--- Source material ---

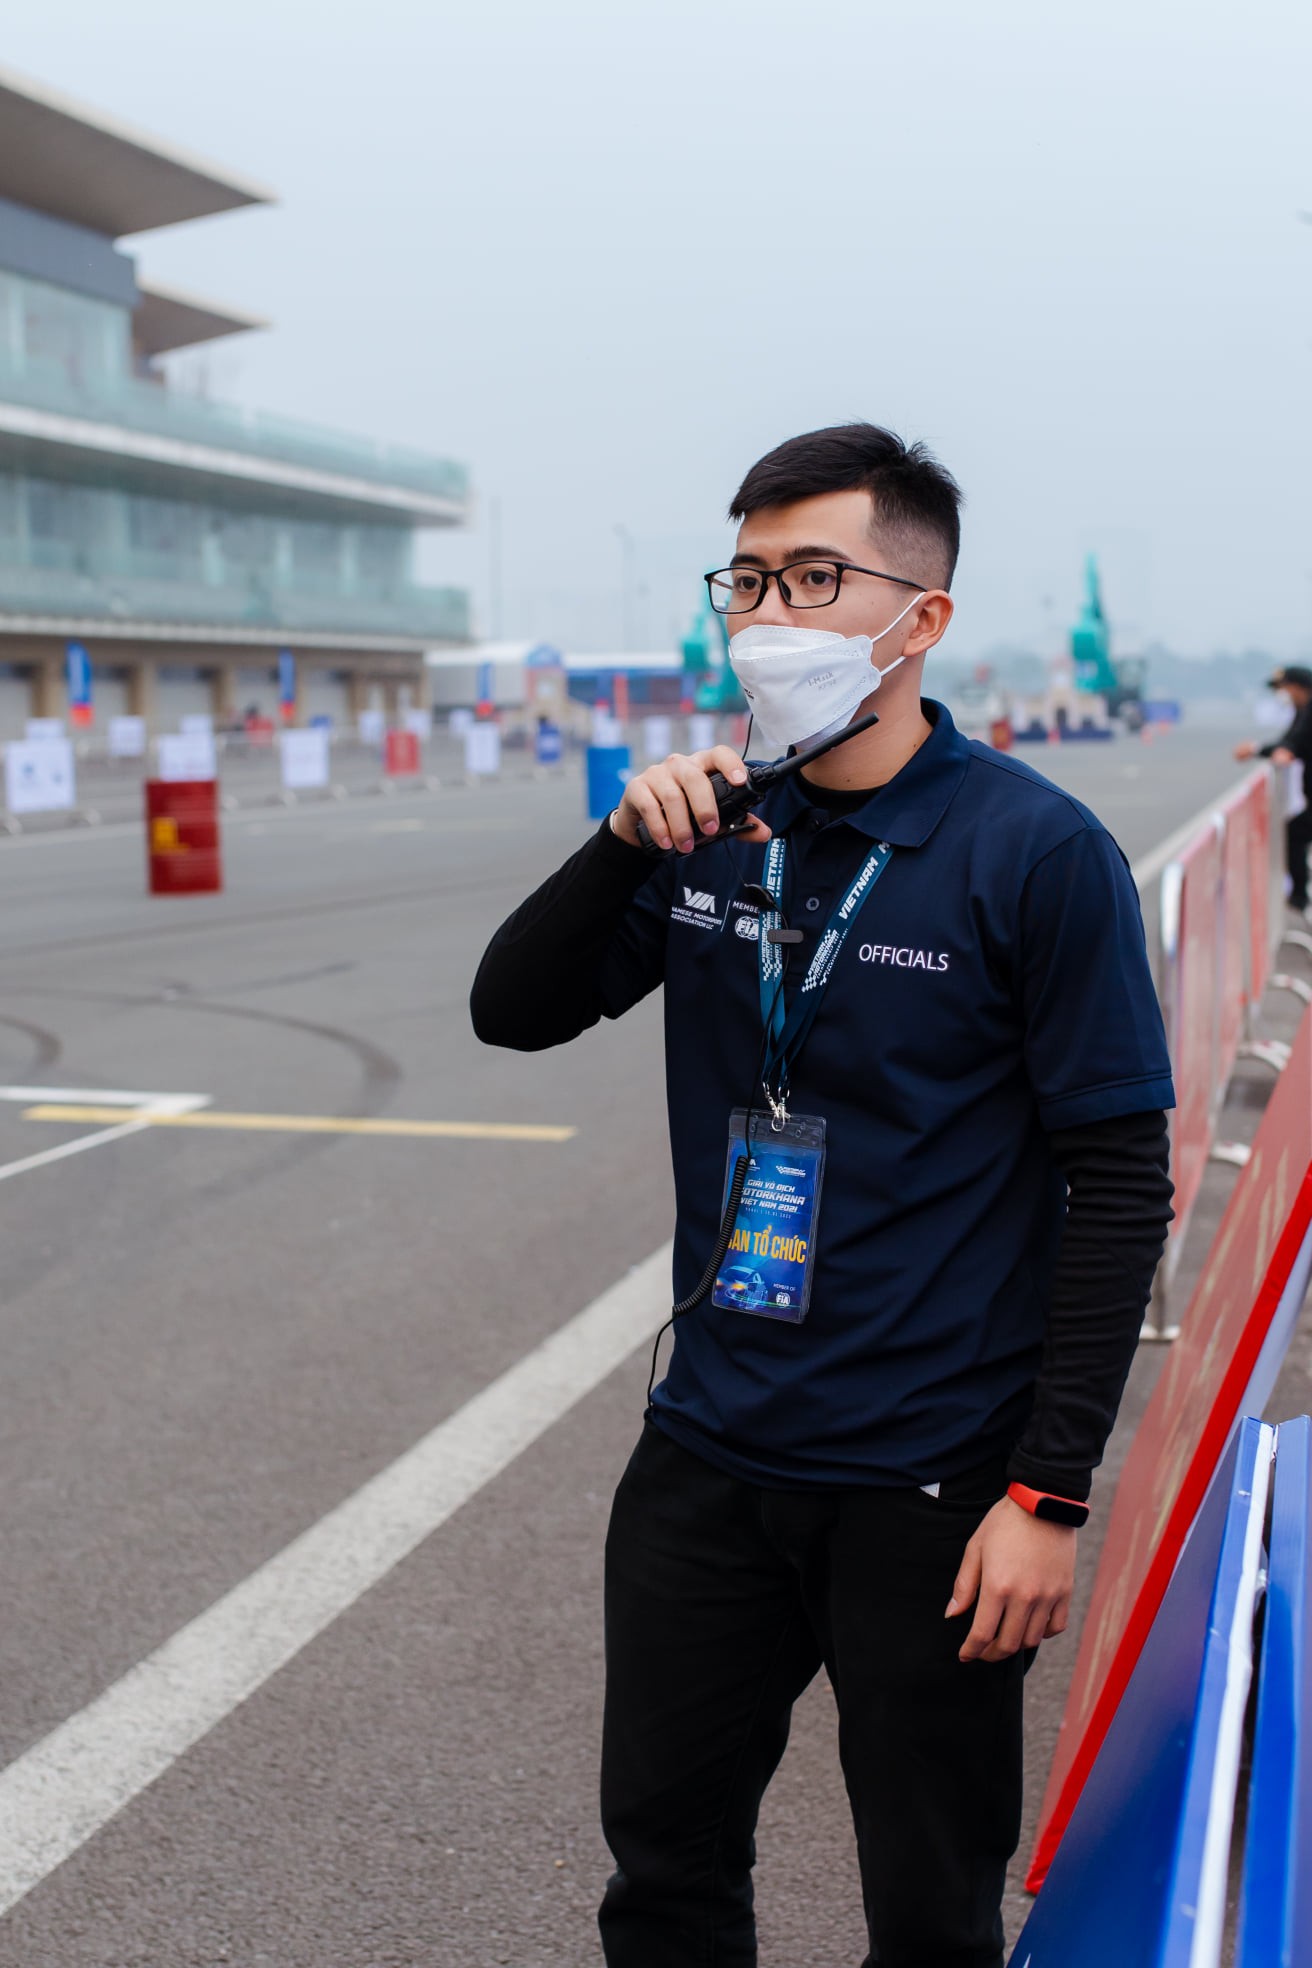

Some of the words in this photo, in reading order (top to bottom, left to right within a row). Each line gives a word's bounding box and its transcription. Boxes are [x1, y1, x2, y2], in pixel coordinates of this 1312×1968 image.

[838, 856, 879, 920] VIETNAM
[732, 901, 760, 914] MEMBE
[858, 943, 949, 972] OFFICIALS
[741, 1187, 806, 1206] OTORKHANA
[759, 1200, 777, 1210] NAM
[778, 1204, 798, 1214] 2021
[728, 1228, 751, 1253] AN
[753, 1225, 772, 1257] TỔ
[771, 1235, 807, 1264] CHỨC
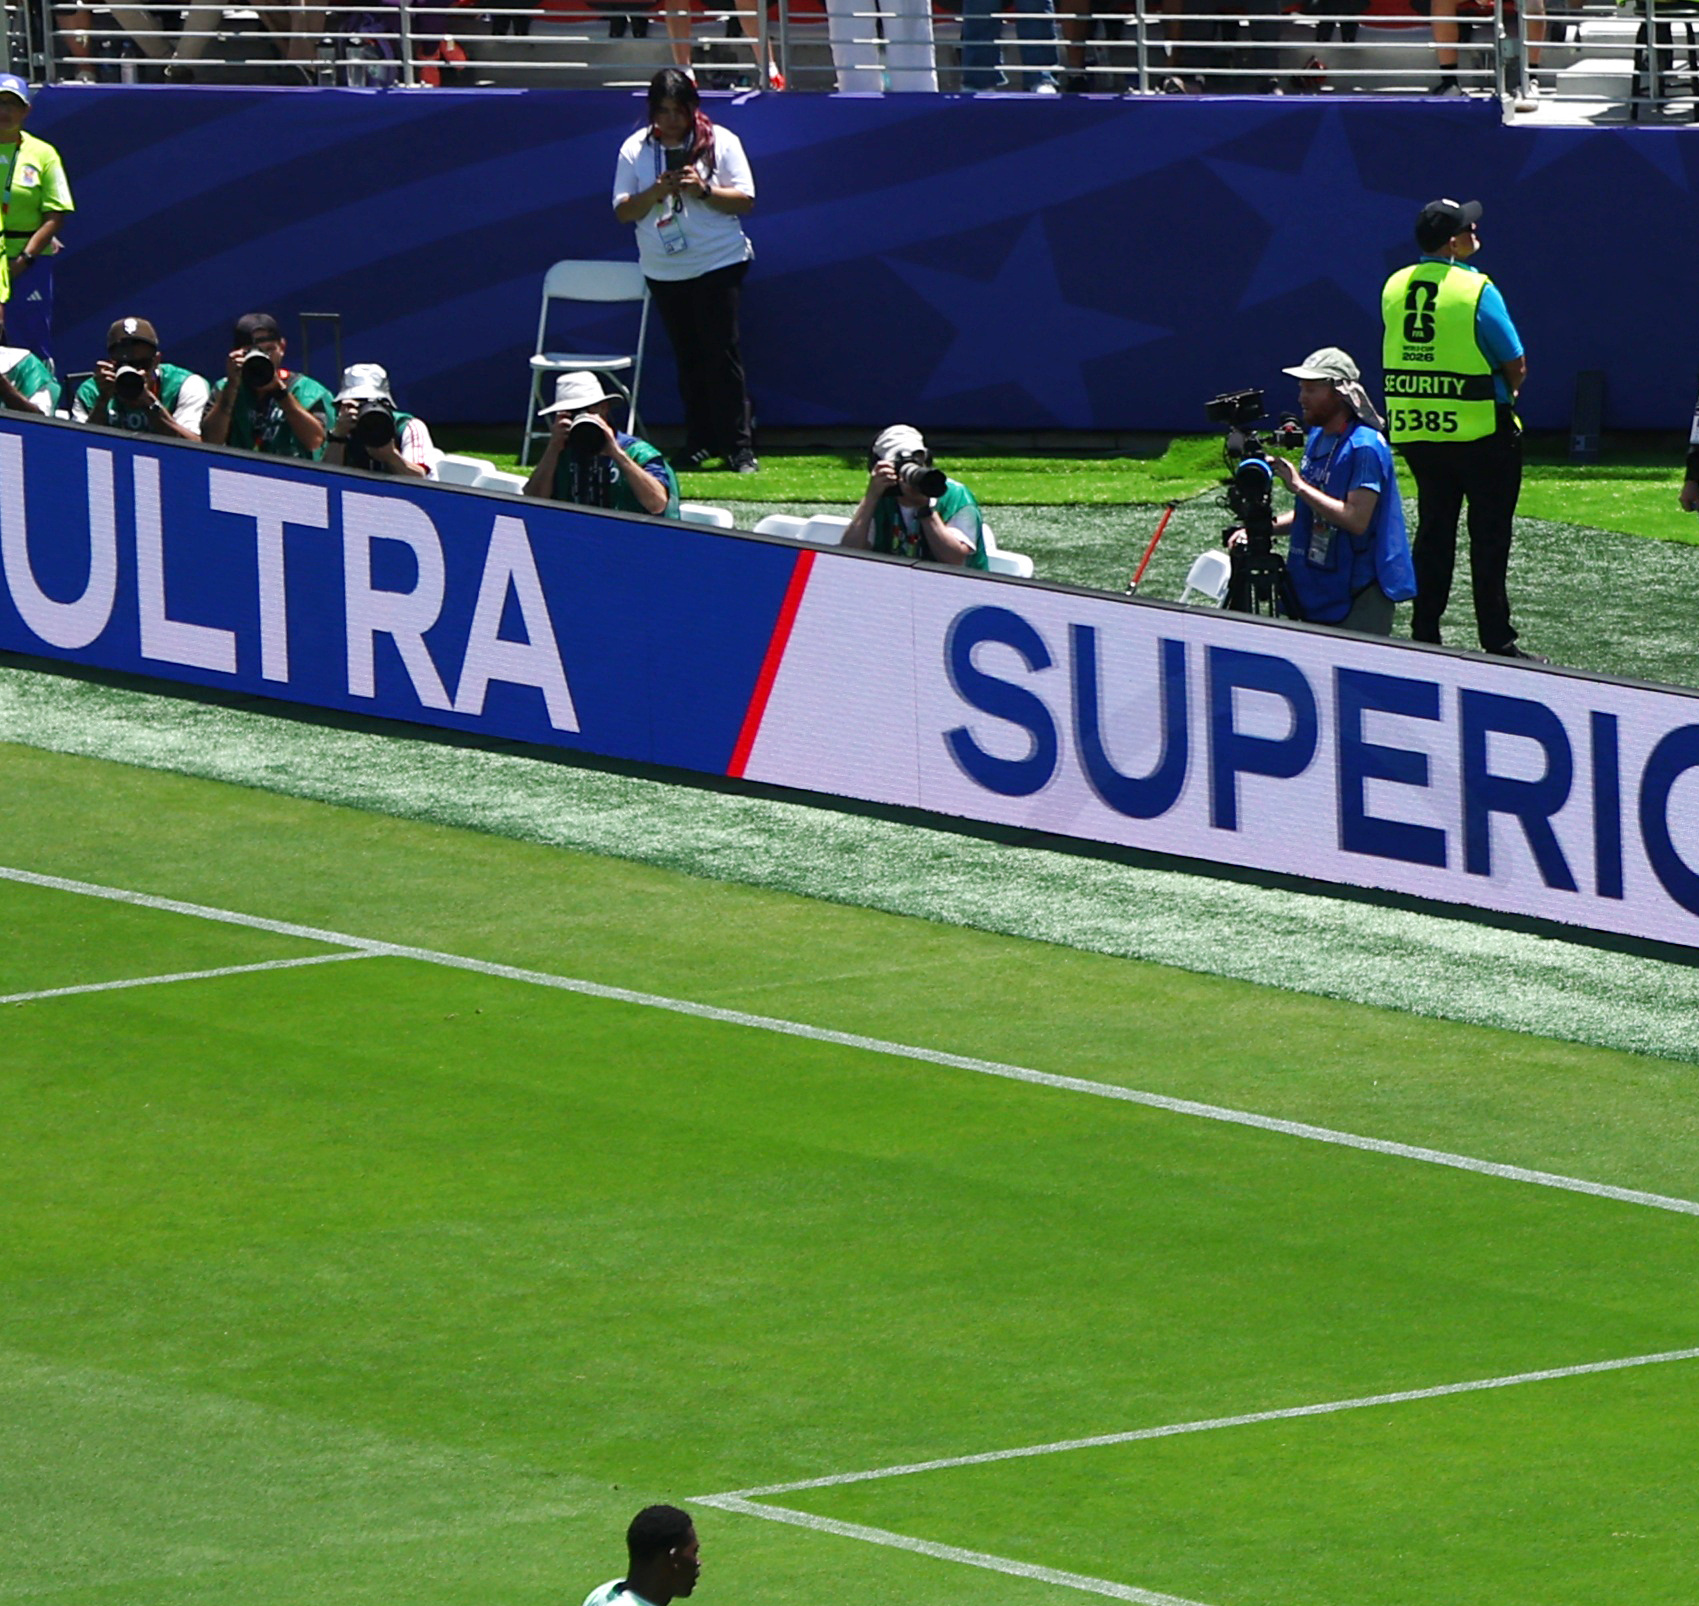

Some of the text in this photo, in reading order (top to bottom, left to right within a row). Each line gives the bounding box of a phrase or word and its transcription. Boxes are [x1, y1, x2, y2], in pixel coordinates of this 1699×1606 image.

[1401, 352, 1435, 362] 2026
[1384, 374, 1466, 396] SECURITY
[0, 432, 580, 734] ULTRA

---

Task >> Copy the entries exactly. Leave the pictures out.

Response >>
Some of the words in this photo, in reading order (top to bottom, left to right within a row). Each line gives a word's bounding box and its transcription. Boxes are [x1, y1, x2, y2], in pixel coordinates of this 1312×1968 image.

[838, 856, 879, 920] VIETNAM
[732, 901, 760, 914] MEMBE
[858, 943, 949, 972] OFFICIALS
[741, 1187, 806, 1206] OTORKHANA
[759, 1200, 777, 1210] NAM
[778, 1204, 798, 1214] 2021
[728, 1228, 751, 1253] AN
[753, 1225, 772, 1257] TỔ
[771, 1235, 807, 1264] CHỨC

Some of the text in this photo, in reading order (top to bottom, left to right within a row). Each line gives the bounding box of a phrase or word and its transcription. Boxes are [x1, y1, x2, y2], in pixel coordinates of this 1699×1606 image.

[1401, 352, 1435, 362] 2026
[1384, 374, 1466, 396] SECURITY
[0, 432, 580, 734] ULTRA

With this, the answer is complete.